The Balcony
Page 10
“What—what did you say?”
“I said,” Dan reported grimly, “ ‘Thank you, Mrs. Silver,’ and like the dope I was, dropped it there. I was too flabbergasted to ask any questions.”
“But, Dan, how did she sound?”
“I’ve told you—casual and friendly.” He made a hopeless gesture. “I’ve gone over in my mind a thousand times every word of our conversation. And none of it makes sense. Amanda Silver hated me and my mother as much or more than Patience did; she had hated us for years. Those things don’t change, Anne.”
“But she did change,” I said. “Something changed her. Something happened before she telephoned.”
“Maybe.” Again Dan grinned without amusement. “But the background does make it seem unlikely, unless I can ferret out, and produce, the explanation. I went in the bank six months ago. For six solid months Amanda did her damnedest to get my job by raking up those old lies about my father. Glick knows all that. You can imagine his reaction if I announced that the feud was off so far as Amanda Silver was concerned, that she had obligingly had a change of heart just before she was mysteriously shot to death!”

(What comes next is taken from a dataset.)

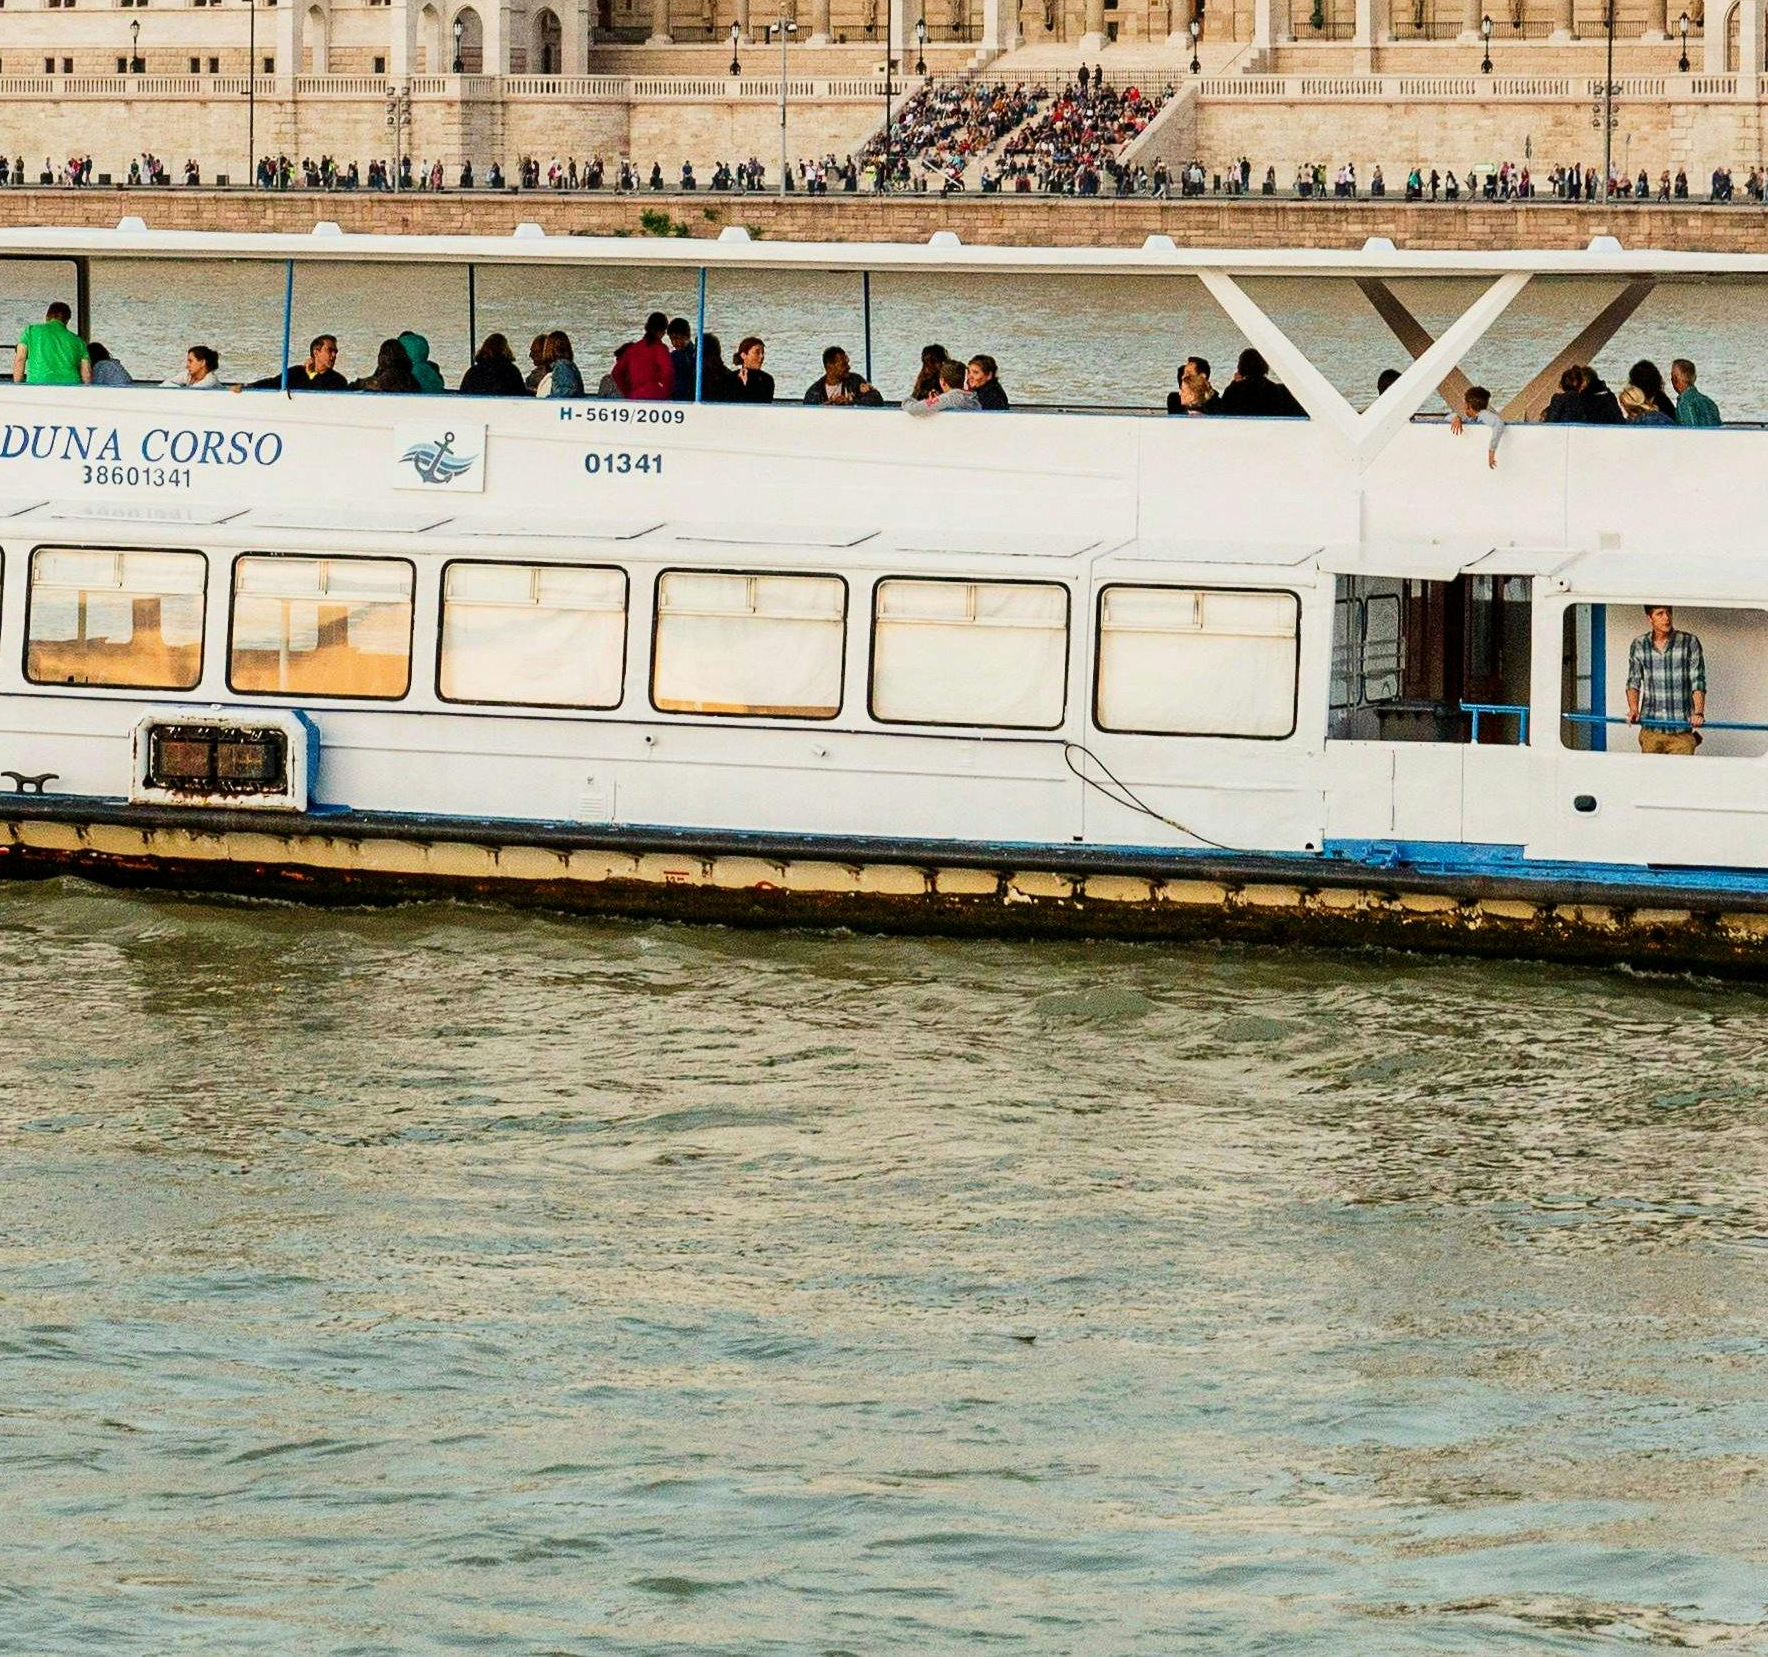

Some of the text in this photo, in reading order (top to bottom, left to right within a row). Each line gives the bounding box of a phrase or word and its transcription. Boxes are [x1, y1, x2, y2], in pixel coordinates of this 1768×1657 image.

He leaned forward and said, “What’s your advice, Anne? Shall I tell that story to the Sheriff? My own idea is that I hold it back until I can produce some supporting evidence . . .”
“How can you do that?”
“I don’t know yet,” he admitted restlessly. And then he started toward the door. “There’s one thing I can do now—and will. I can notify the Sheriff that I had a lapse of memory—that Skipper wasn’t with me yesterday.”
I went after him.
“That won’t help either of us, Dan. Not me certainly. I’ve got no alibi, anyway.” I forced a smile myself. “The alibis at Hieronomo House are few and far between. Only Uncle Richard and his wife are even halfway in the clear. They didn’t arrive from New York until five o’clock and they took a taxi from the station.”
“So the Sheriff told me,” said Dan.
It struck me that his tone was a little odd, but he dropped the matter there. In the dusk I couldn’t quite make out the expression on his face. By now the storeroom was almost entirely dark, and outside the twilight had thickened visibly. Dan glanced toward the uncurtained window, a gray outline against a darkening sky.
“You’ve got to go now, Anne,” he said abruptly. “It’s getting late and I can’t play the gentleman and accompany you to your door. But I do want to ask: Do you really want to find out who killed Amanda Silver?”
I think I nodded.
“Maybe,” Dan said swiftly, “you and I can work it out together. I’ve got some ideas. Not too well formulated yet. We can talk them over tomorrow. I drive to Baltimore every Friday on business for the bank. How can we manage so you come along?”
“I’m afraid we can’t.”
“Then I’ll work out something else and phone. But you must go now, Anne. And I must insist that you take the gun.”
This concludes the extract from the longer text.